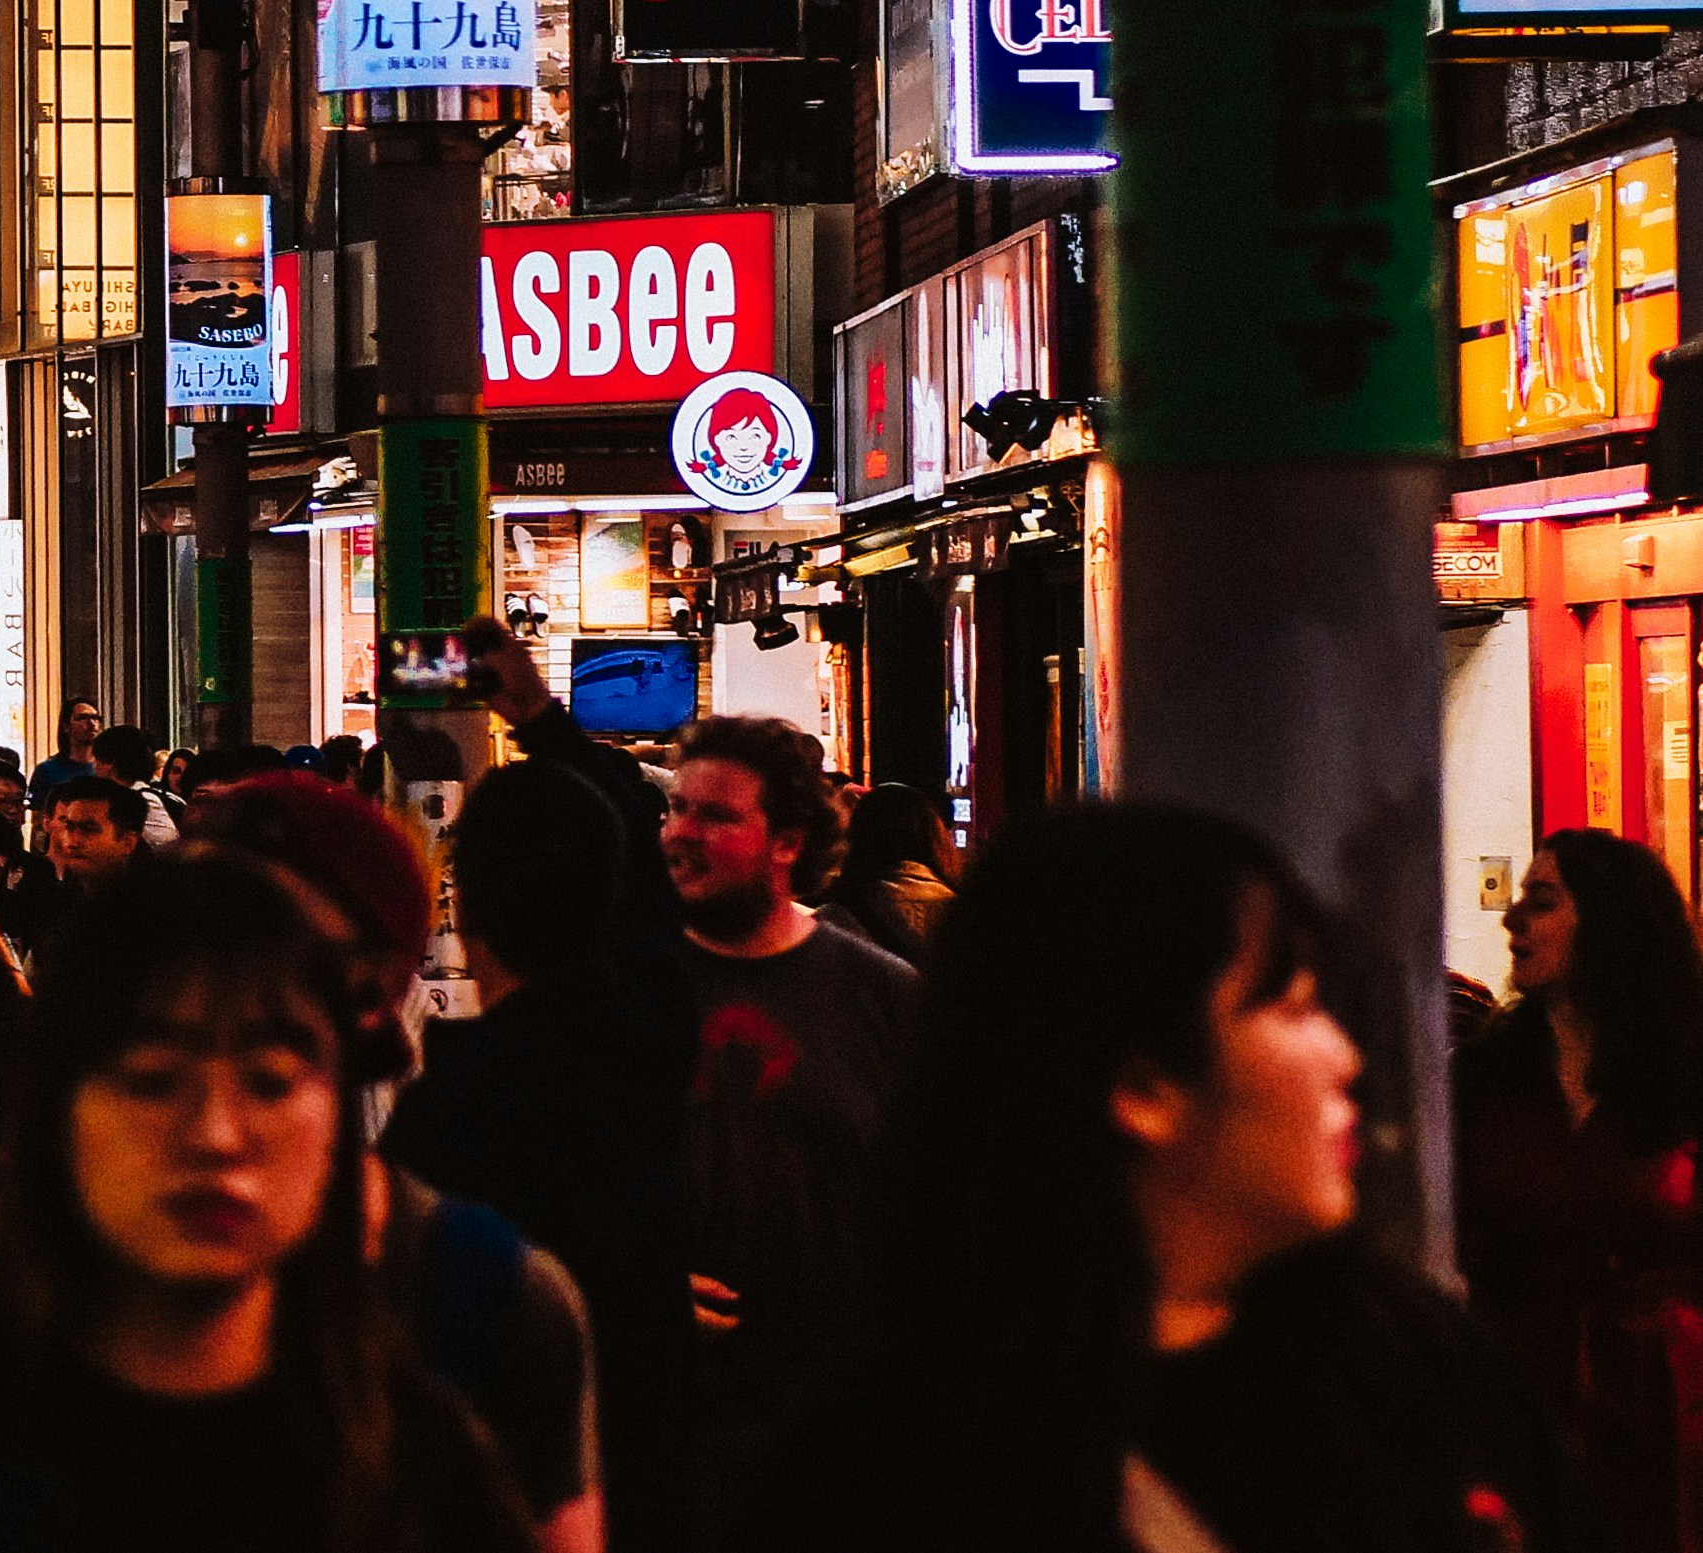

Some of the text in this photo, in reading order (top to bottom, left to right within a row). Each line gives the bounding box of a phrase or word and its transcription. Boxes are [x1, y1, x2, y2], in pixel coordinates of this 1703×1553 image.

[351, 1, 522, 52] 九十九島
[198, 322, 264, 345] SASEBO
[174, 361, 261, 390] 九十九島
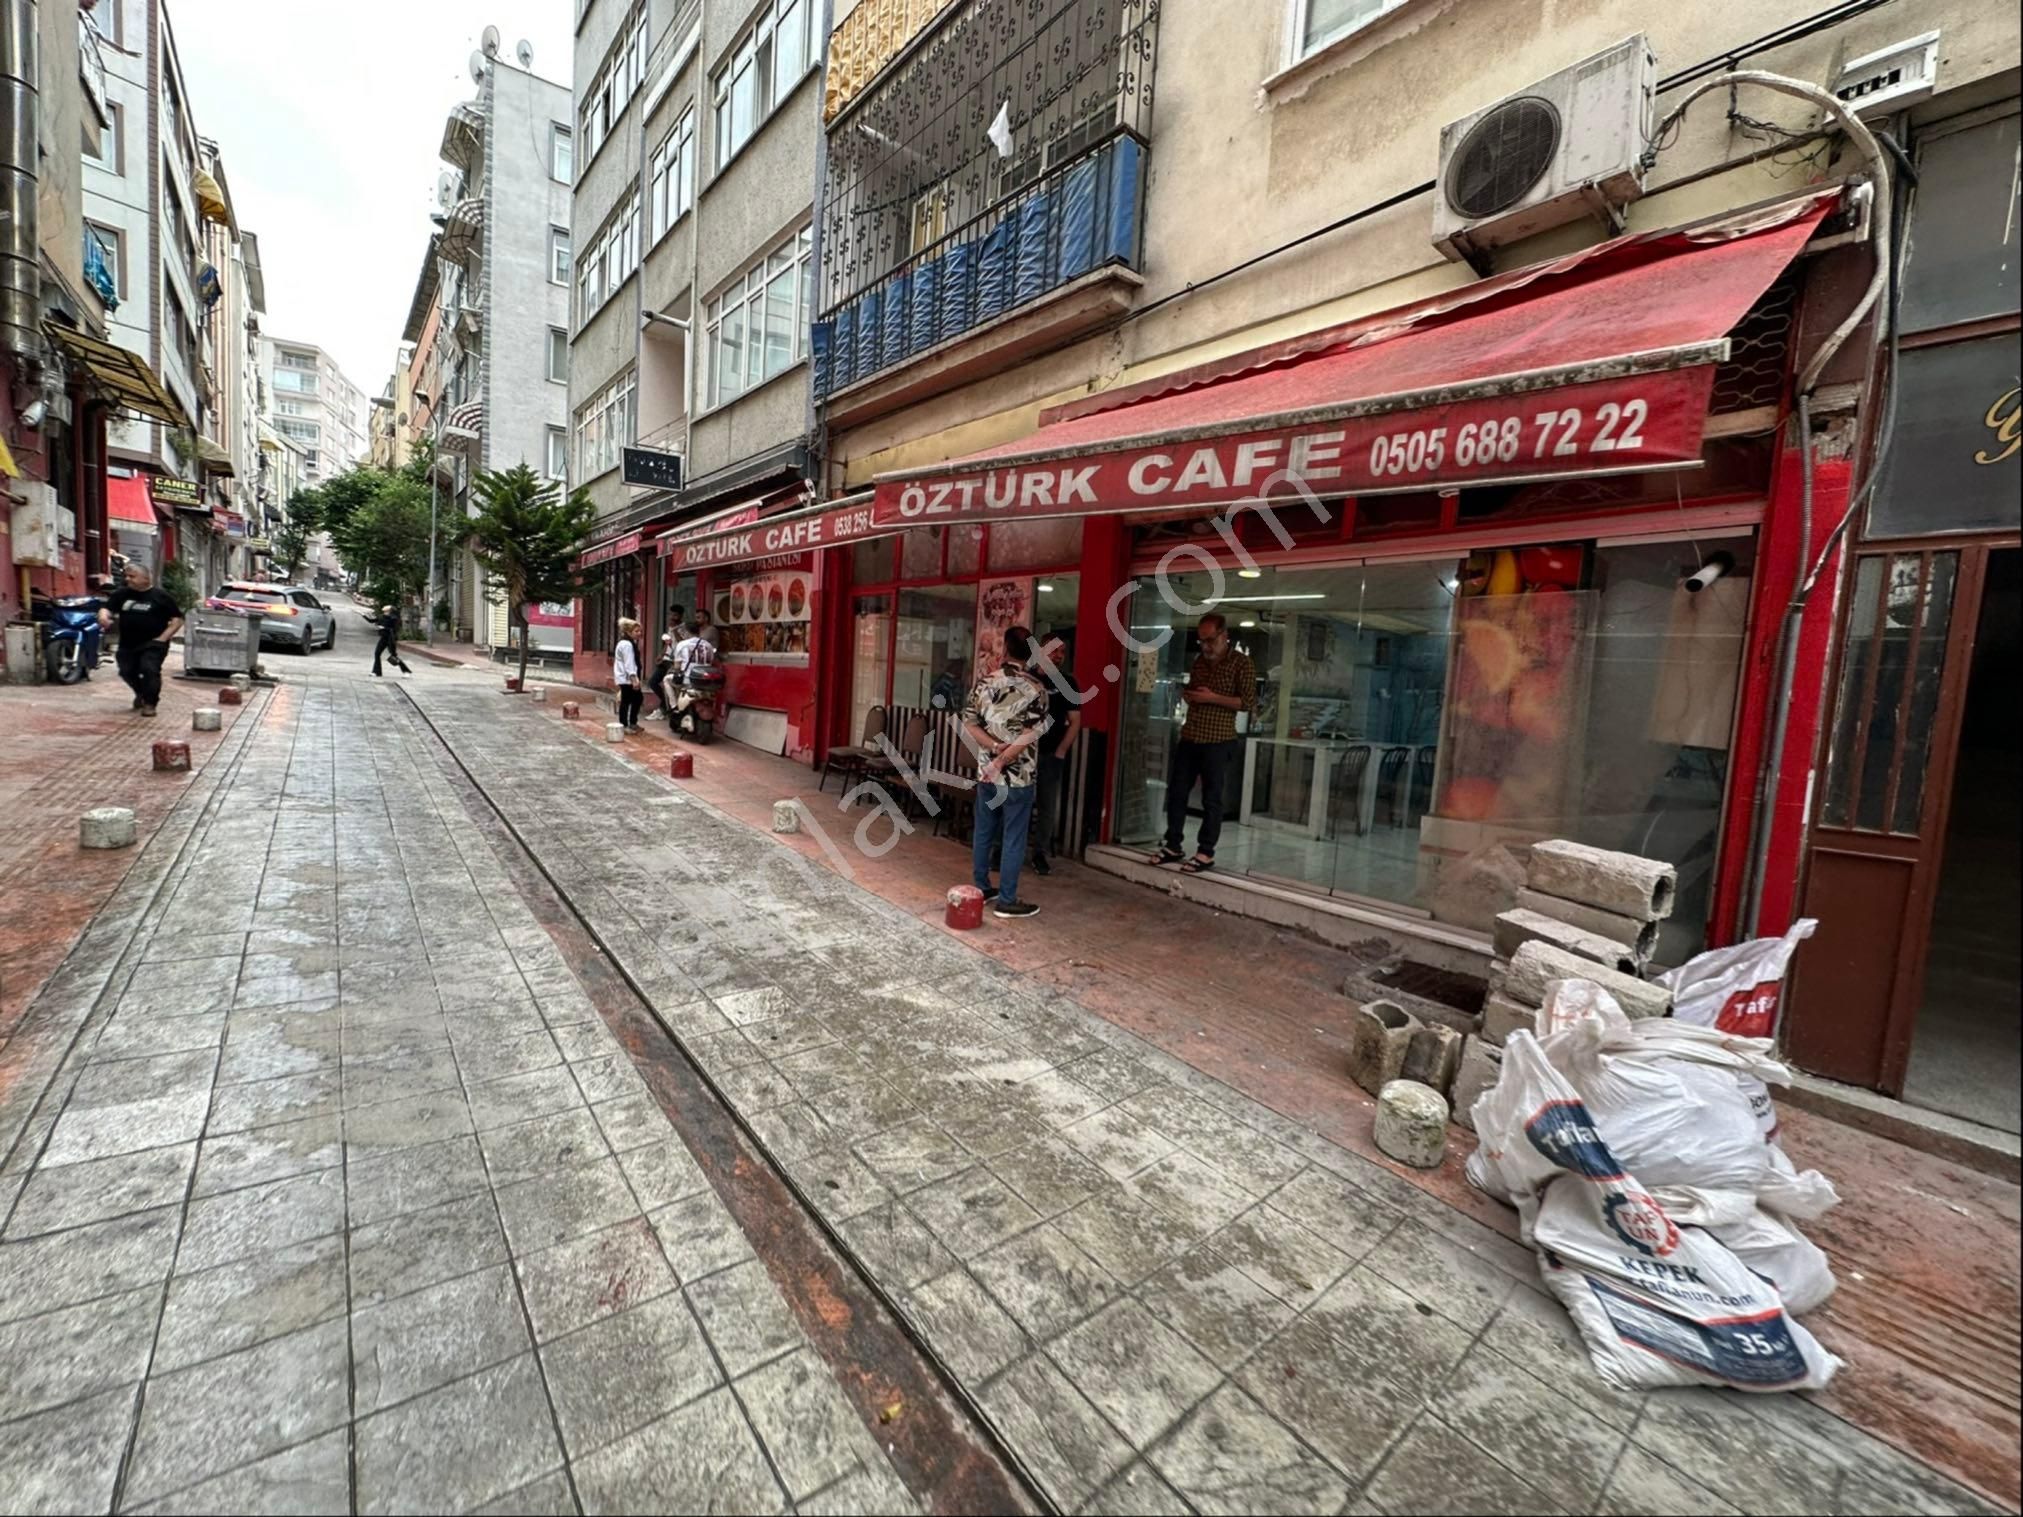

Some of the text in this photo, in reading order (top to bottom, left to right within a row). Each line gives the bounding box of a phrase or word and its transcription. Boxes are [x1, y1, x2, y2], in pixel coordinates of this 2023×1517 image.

[899, 398, 1648, 518] ÖZTÜRK CAFE 0505 688 72 22
[765, 518, 822, 550] CAFE
[1627, 1225, 1660, 1241] UN
[1618, 1256, 1708, 1287] KEPEK
[1732, 1331, 1775, 1356] 35
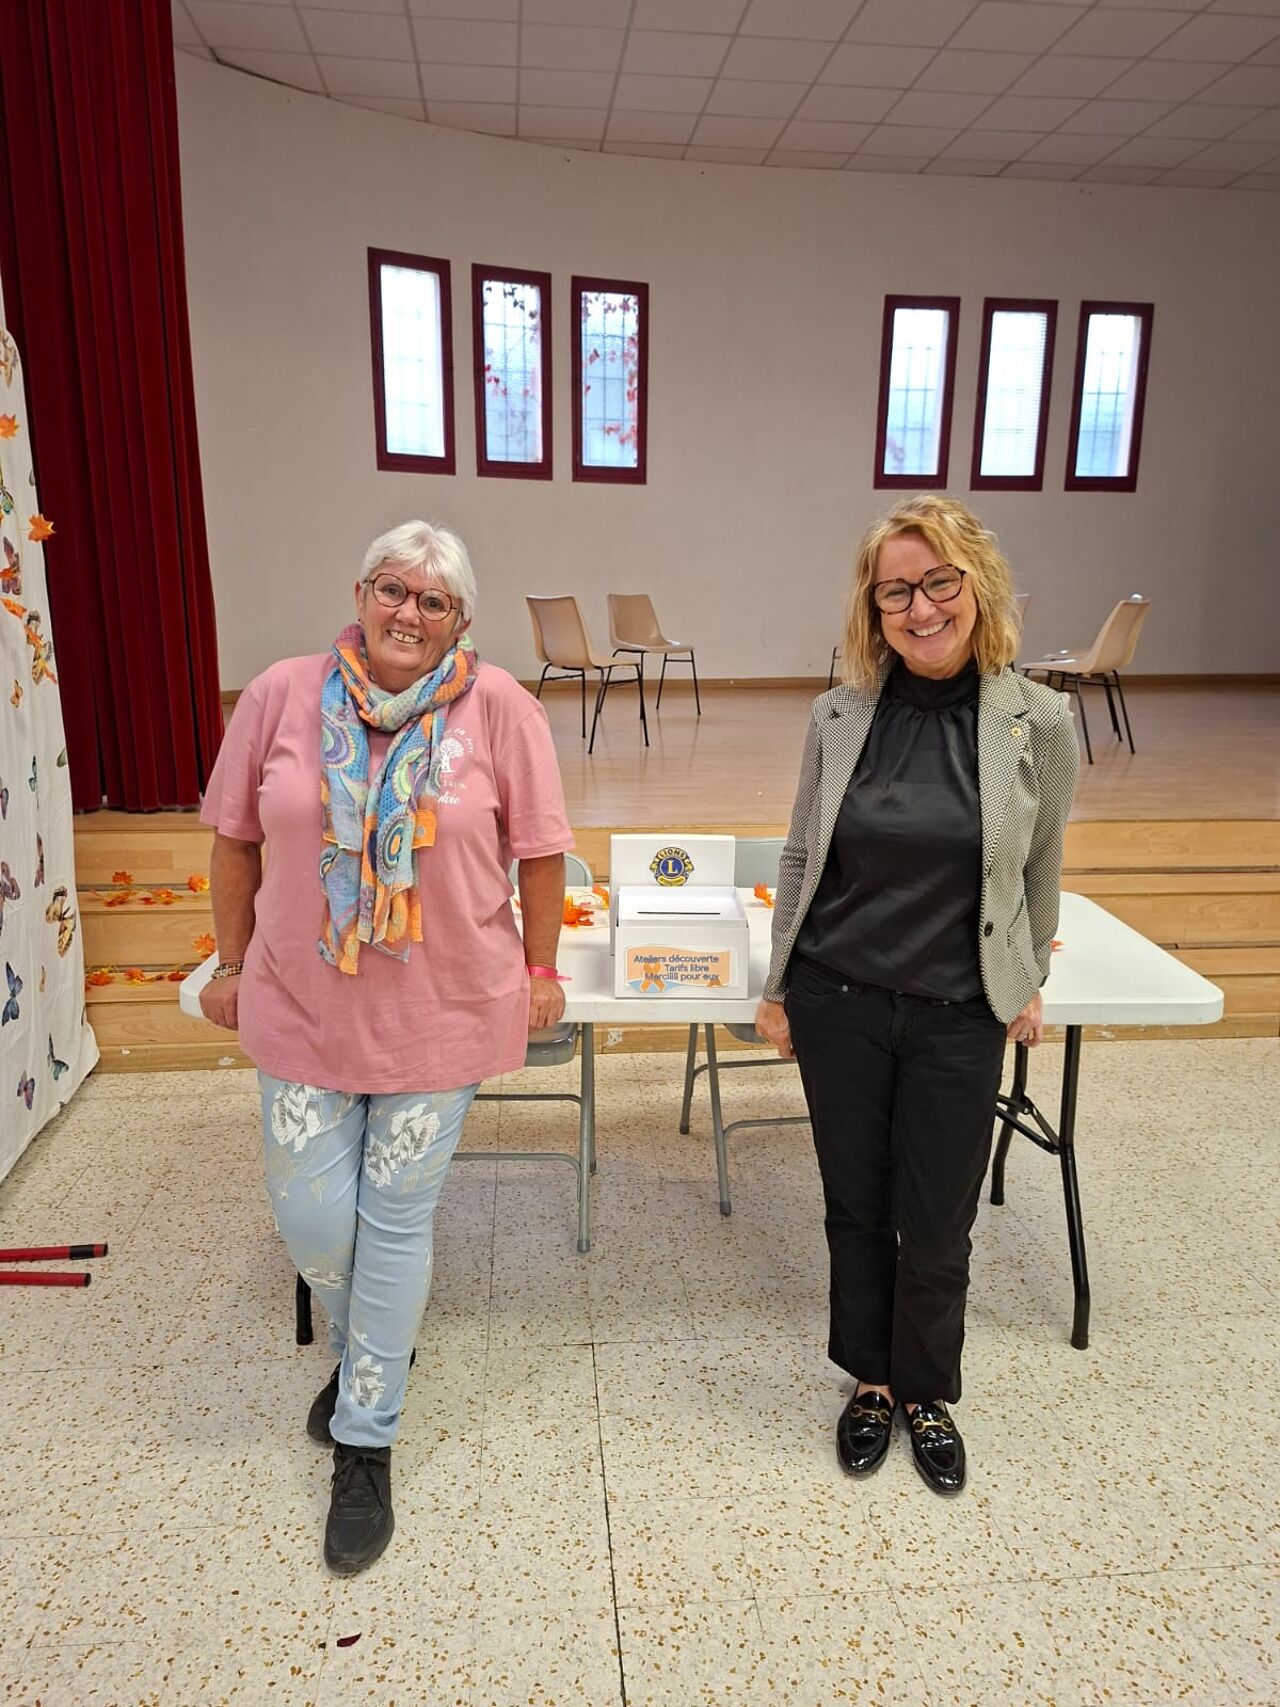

────────────────

TASK GOAL: Each line above should be printed again exactly, though the pictures should not be.

EXERCISE RESULT:
Some of the text in this photo, in reading order (top to bottom, left to right within a row). Each line gives the bounding box of a phrase or word and its transcription. Boxes are [x1, y1, x2, y2], in pixel coordinates of this 1703×1553 image.

[351, 1, 522, 52] 九十九島
[198, 322, 264, 345] SASEBO
[174, 361, 261, 390] 九十九島

Some of the text in this photo, in reading order (top to bottom, left to right within a row). Each line gives the bounding box of a phrase or word and its transcription. Boxes are [x1, y1, x2, y2], in pixel coordinates of this 2023×1517 image.

[899, 398, 1648, 518] ÖZTÜRK CAFE 0505 688 72 22
[765, 518, 822, 550] CAFE
[1627, 1225, 1660, 1241] UN
[1618, 1256, 1708, 1287] KEPEK
[1732, 1331, 1775, 1356] 35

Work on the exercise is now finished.